Even if I tell her about the hand, Penny thought, the little hand that came under the green gate, she'll stick to the idea that it's rats. She'll say I was scared and made a mistake about what I saw. She'll say it wasn't really a hand at all, but a rat, a slimy old rat biting at my boot. She'll turn it all around. She'll make it support the story she wants to believe, and it'll just be more ammunition for her to use against Daddy. Damnit, Aunt Faye, why're you so stubborn?
Faye was chattering about the need for a parent to thoroughly investigate a school before sending children to it.

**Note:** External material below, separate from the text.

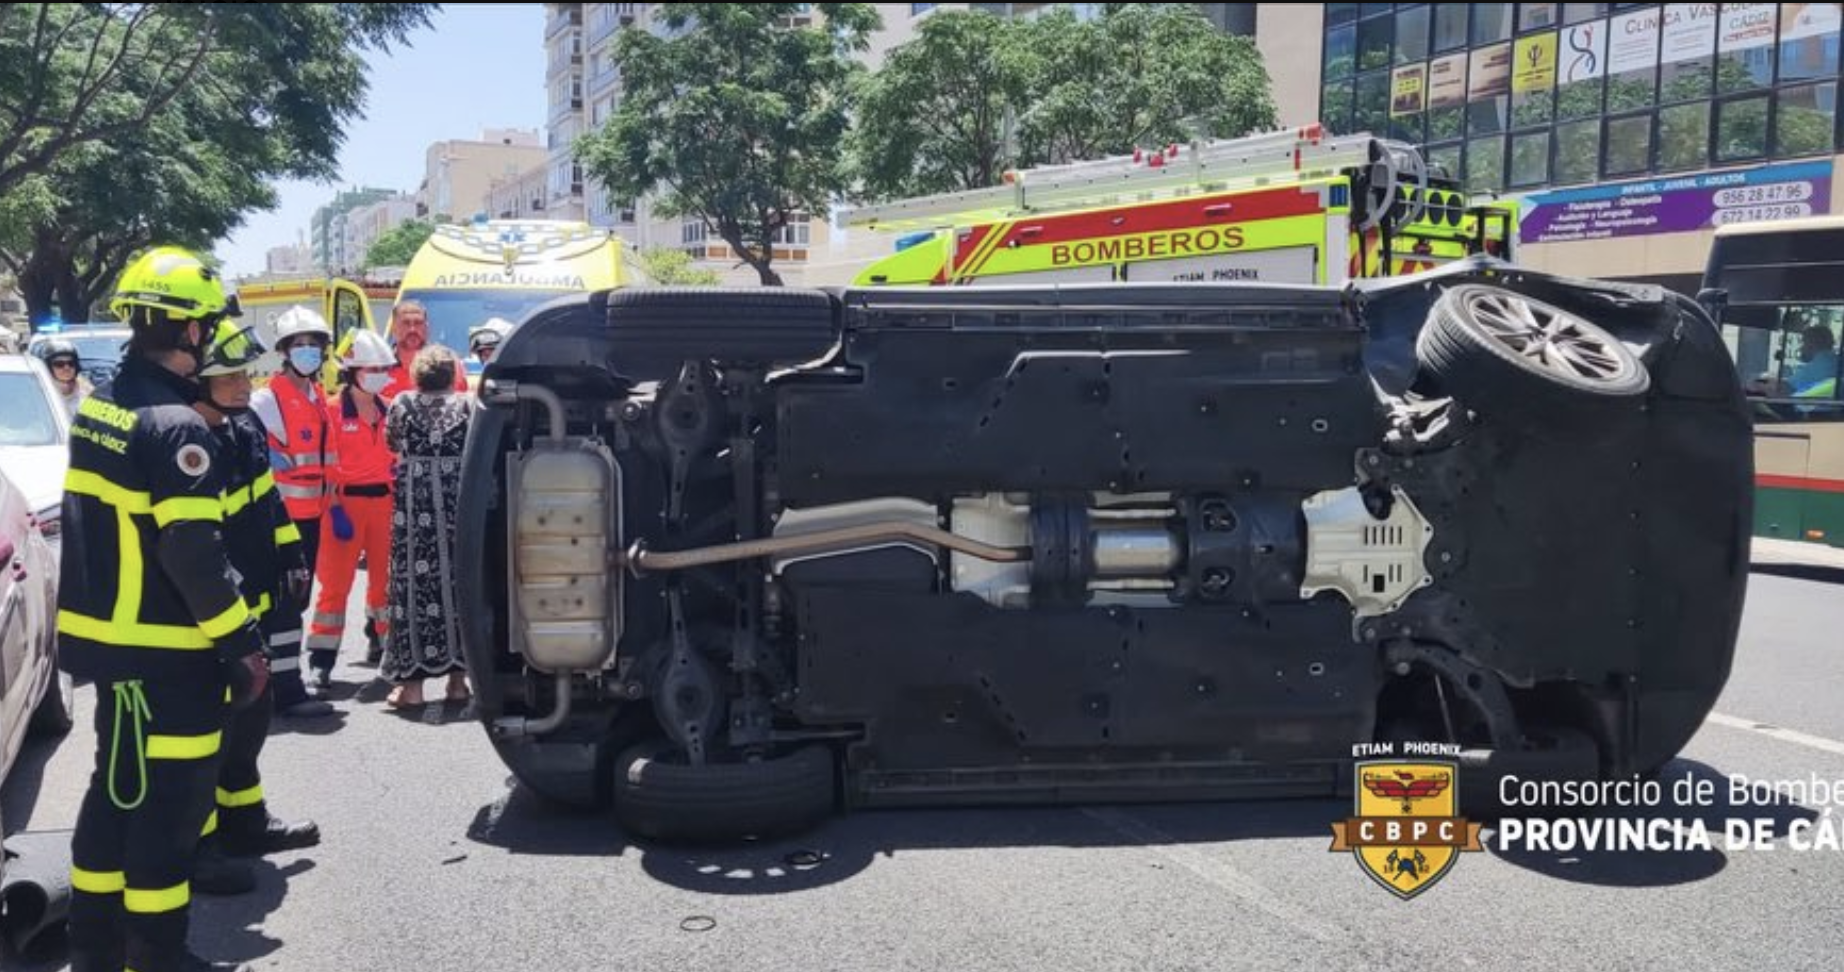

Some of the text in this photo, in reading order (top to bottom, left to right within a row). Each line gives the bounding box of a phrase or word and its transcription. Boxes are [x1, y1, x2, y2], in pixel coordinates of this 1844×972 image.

[1625, 11, 1681, 34] CLINCA
[1052, 227, 1245, 265] BOMBEROS
[1213, 268, 1258, 280] PHOENIX

Penny wondered when her father would come to get them, and she prayed he wouldn't be too late. She wanted him to come before bedtime. She didn't want to be alone, just her and Davey, in a dark room, even if it was Aunt Faye's guest room, blocks and blocks away from their own apartment. She was pretty sure the goblins would find them, even here. She had decided to take her father aside and tell him everything. He wouldn't want to believe in goblins, at first. But now there was Davey's lunchbox to consider. And if she went back to their apartment with her father and showed him the holes in Davey's plastic baseball bat, she might be able to convince him. Daddy was a grownup, like Aunt Faye, sure, but he wasn't stubborn, and he listened to kids in a way that few grown-ups did.
Faye said, “With all the money he got from your mother's insurance and from the settlement the hospital made, he could afford to send you to a top-of-the-line school. Absolutely top-of-the-line. I can't imagine why he settled on this Wellton joint.”